Reseña del editor:
It is the Autumn of election year 2000, and scores of film-business strivers are focused on one goal - getting themselves connected to an elusive but potentially huge television saga, one that opens with Huns sweeping through Mongolia and closes with a Mormon in the Las Vegas desert; a sure-to-please-everyone, multi-generational TV mini-series about diviners, those miracle workers who bring water to perpetually thirsty (and hungry and love-starved) humankind. Among the wannabees: Vanessa Meandro, hot-tempered head of an indie film company; her harried and varied staff; a Sikh cab driver; a bi-polar bicycle messenger; the Vanderbilt girls; a thriller writer who gives Botox parties; a CEO of network programming whose daughter is Vanessa's donut gofer; and a supreme court justice who wants to write the script.
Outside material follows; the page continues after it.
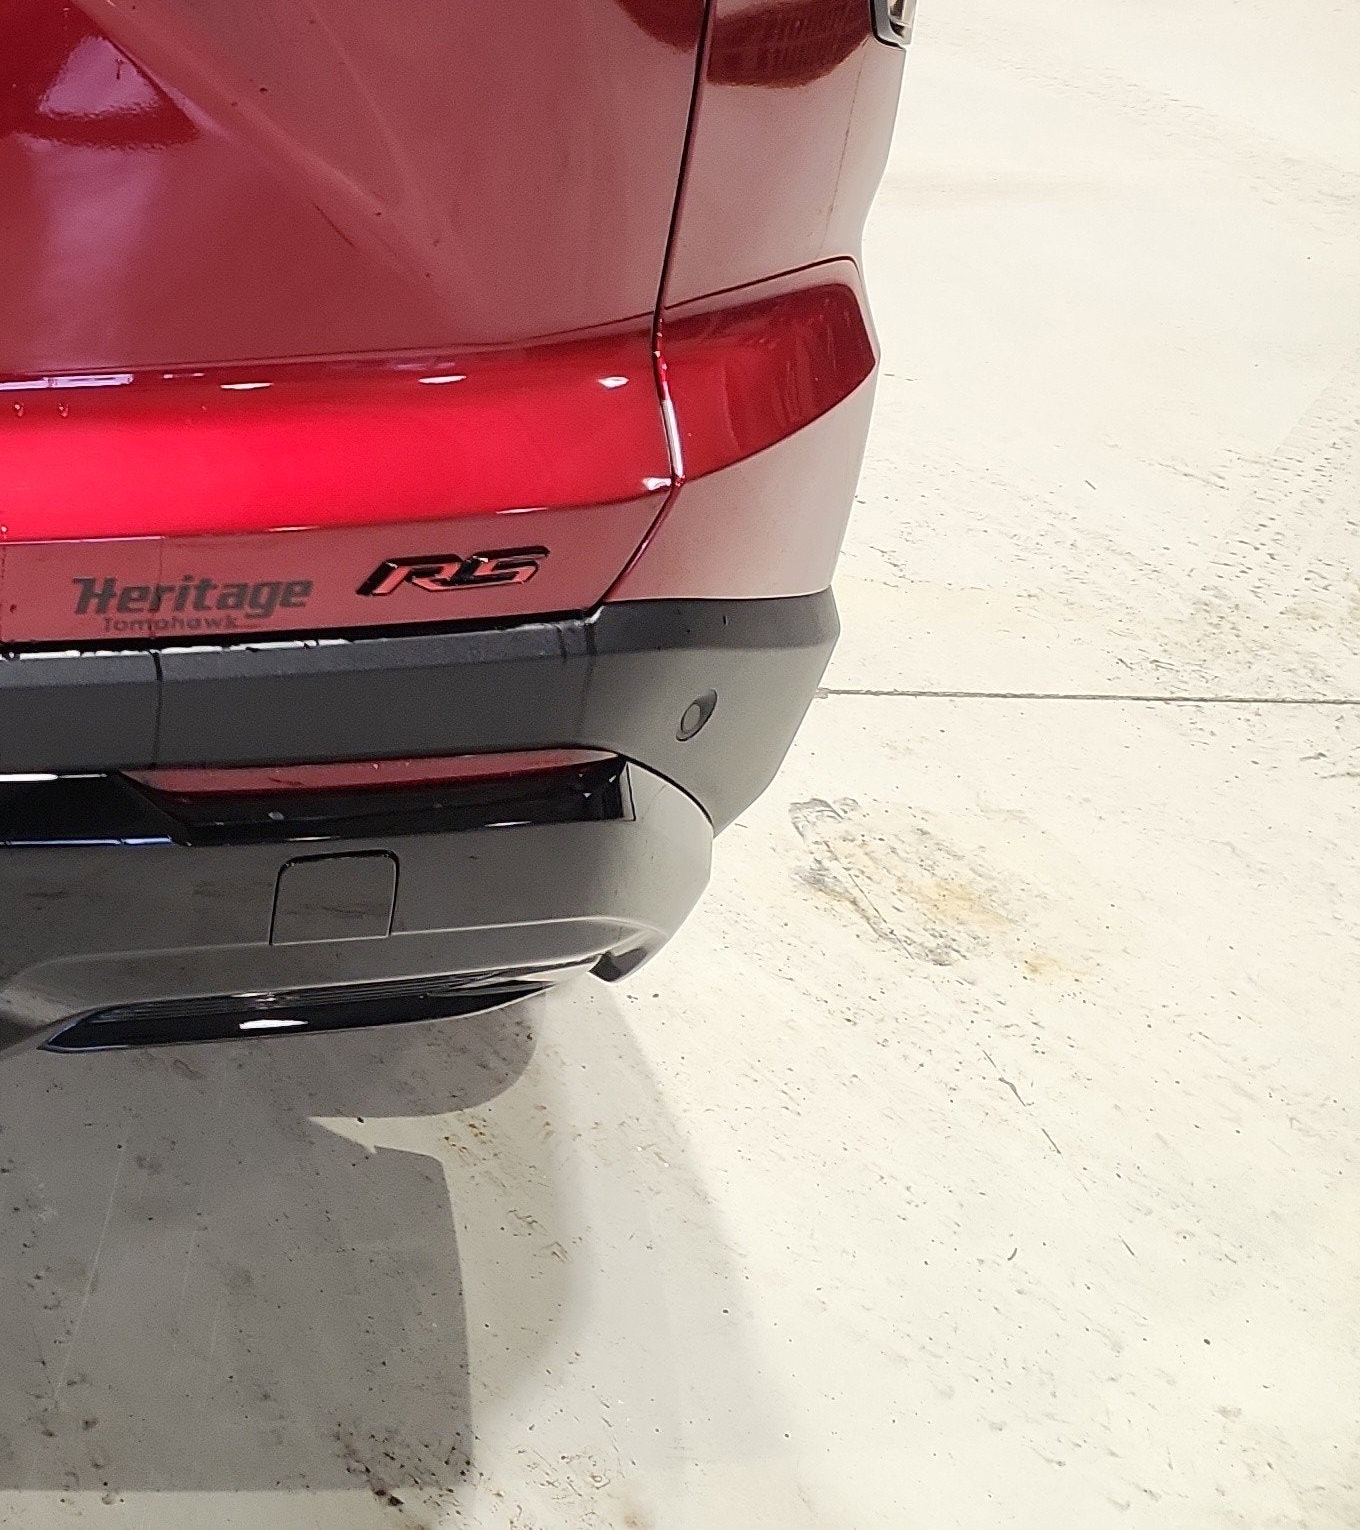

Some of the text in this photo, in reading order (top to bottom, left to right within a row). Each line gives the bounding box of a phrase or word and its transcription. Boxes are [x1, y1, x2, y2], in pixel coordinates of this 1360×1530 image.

[356, 545, 551, 594] RS
[72, 575, 313, 620] Heritage
[103, 613, 238, 633] Tomahawk
The Diviners is a cautionary tale about pointless ambition; a richly detailed look at the interlocking worlds of money, politics, addiction, sex, work, and family in modern America; and a masterpiece of comedy that will bring Rick Moody to a still higher level of appreciation.
Biografía del autor:
Rick Moody was born in New York City. He attended Brown and Columbia universities. His first novel, Garden State, was the winner of the 1991 Editors’ Book Award from Pushcart Press and was published in 1992. His novel The Ice Storm was published in May 1994 (Time Warner) Foreign editions have been published in twenty countries. (A film version, directed by Ang Lee, was released by Fox Searchlight in 1997.) A collection of short fiction, The Ring of Brightest Angels Around Heaven, was also published in August 1995. The title story was the winner of the 1994 Aga Khan Award from the Paris Review. Moody’s third novel, Purple America, was published in April 1997. Foreign editions have appeared widely. An anthology edited with Darcey Steinke, Joyful Noise: The New Testament Revisited, appeared in November 1997.